Among the items to be reported annually is not only research spending, but also total revenue, net profit and total marketing and advertising costs. All reports also would be released on the HHS website when respective prices increases go into effect, according to the bill.

However, efforts to shame drug companies into lowering prices so far have not worked. HHS's attempt at forcing drug companies to include prices in direct-to-consumer TV advertising was rejected by a federal judge. (Also see "After DTC Rule Tossed Out In Court, Attention Turns (Again) To Congress" - Pink Sheet, 9 Jul, 2019.)

The Congressional Budget Office also estimated that increasing pricing transparency likely would not save much money, in part because the reporting requirements would not force changes to pricing practices. (Also see "Drug Price Transparency Bills May Be Empty Calories" - Pink Sheet, 13 Jul, 2019.)

Shaming tactics in other areas also have so far not been successful. Publicly listing companies that may be denying generic companies access to samples for testing has not alleviated the problem. (Also see "REMS Abuse Website: Has It Changed The Behavior Of Innovators? " - Pink Sheet, 11 Feb, 2019.)

Some committee members praised the bill for helping the public understand why prices move.
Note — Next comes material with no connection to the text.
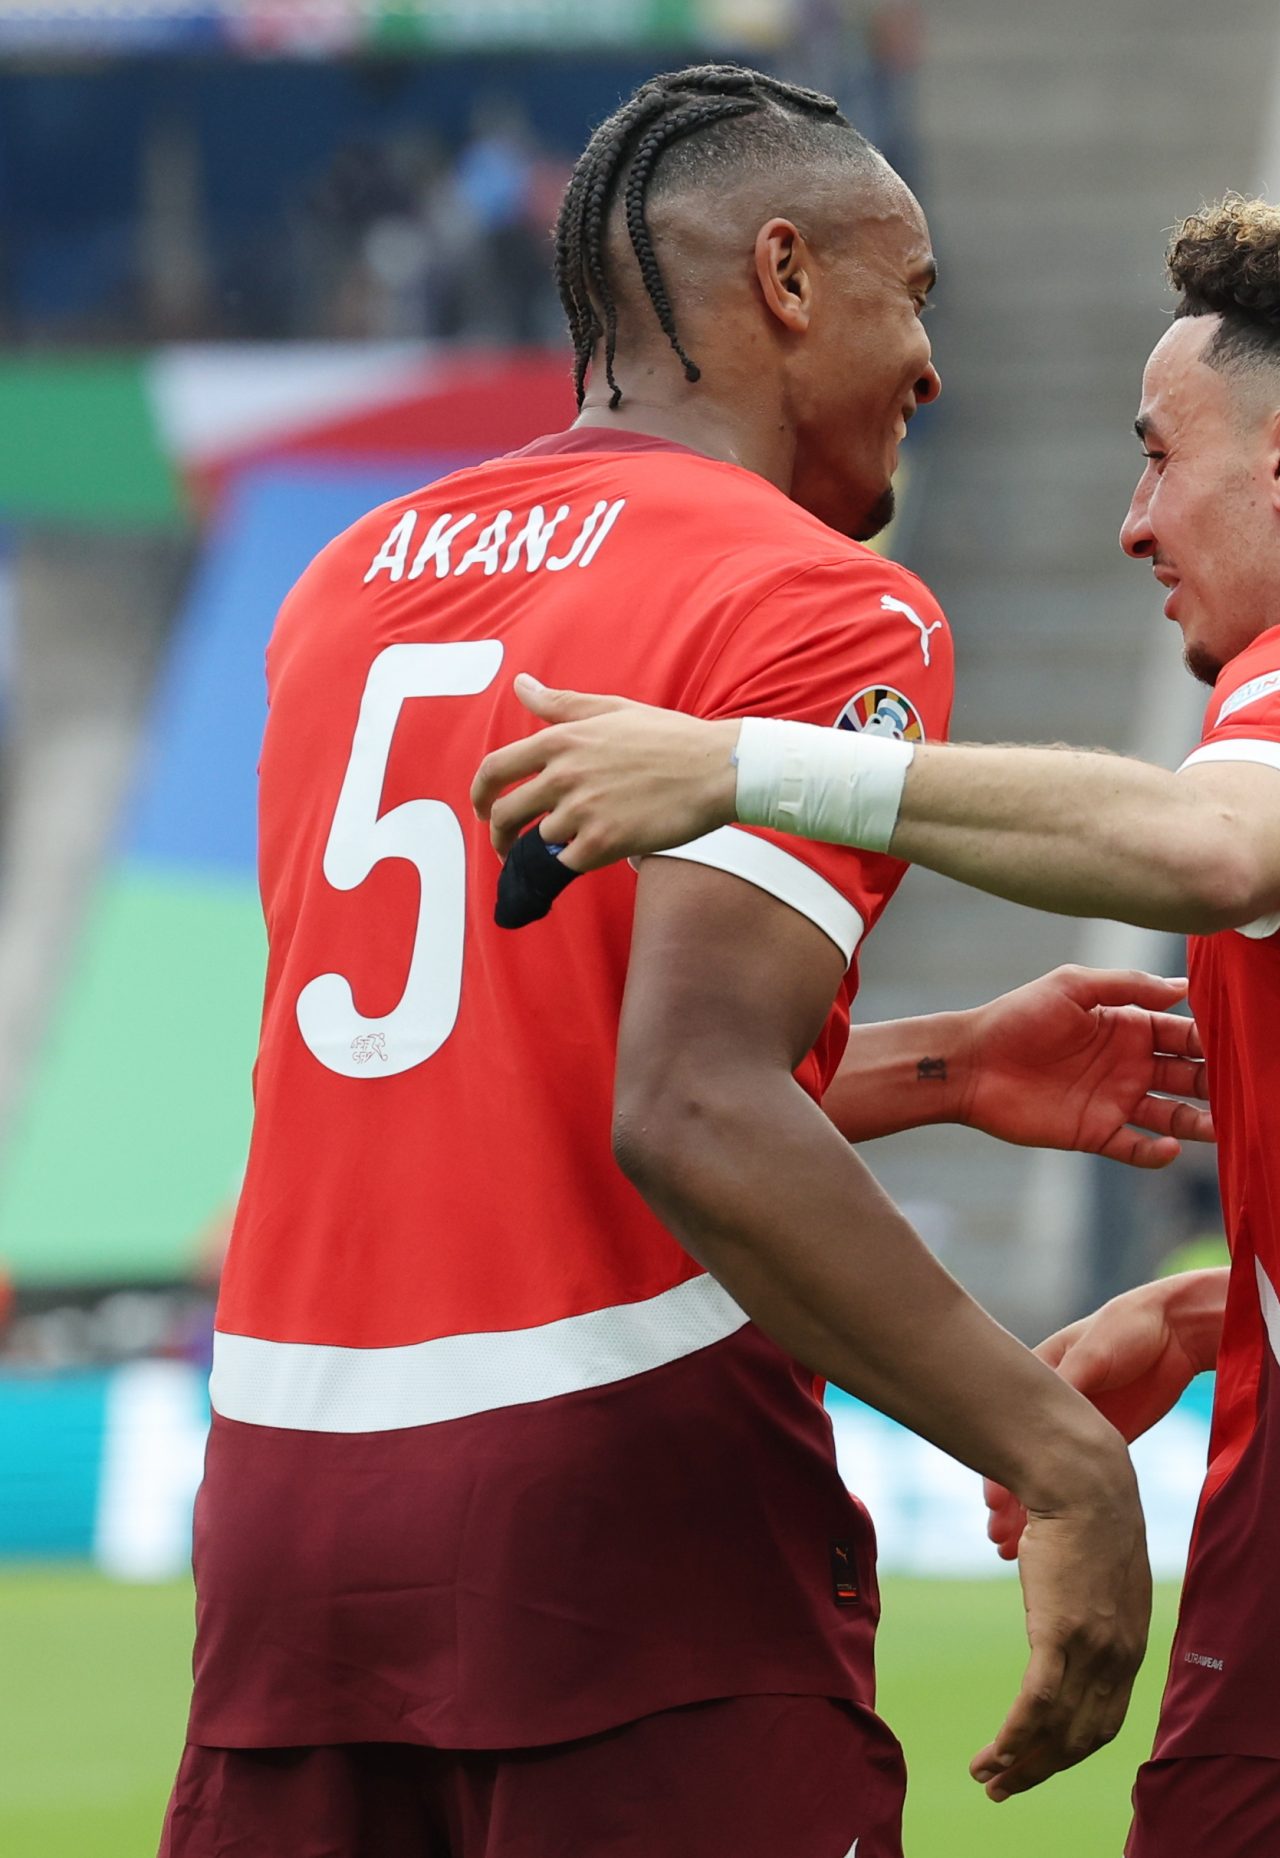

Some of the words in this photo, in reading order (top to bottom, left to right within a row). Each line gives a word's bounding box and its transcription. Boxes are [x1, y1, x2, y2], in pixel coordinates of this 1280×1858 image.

"While price increases can happen for a lot of reasons, from failed clinical trials to research and development to research that doesn't pan out, with the federal government being such a major purchaser of drugs, having information on cost drivers is important for context," said Republican Rep. Greg Walden of Oregon, Energy and Commerce Committee ranking member.

Reports Would Require Detailed Information On Spending

For the makers of qualifying drugs, the bill would require them to report the percentage WAC price increase expected and effective date of the increase, as well as "an explanation for, and description of, each price increase for such drug that will occur."

Manufacturers also must include a description of the history of the drug's increases since approval or acquisition and total spending on materials, manufacturing, patent acquisition, and licensing. In addition, they must list the percentage of total expenditures on research and development that was derived from federal funds, total expenditures on basic, preclinical and clinical research, new drug development, pursuance of new indications or dosage changes, and postmarket requirements.

Reports for 2019 increases already in place would be due 90 days after enactment and then no later than 30 days before a planned increase occurs. Those not complying would face a $75,000 fine for each day a violation continues.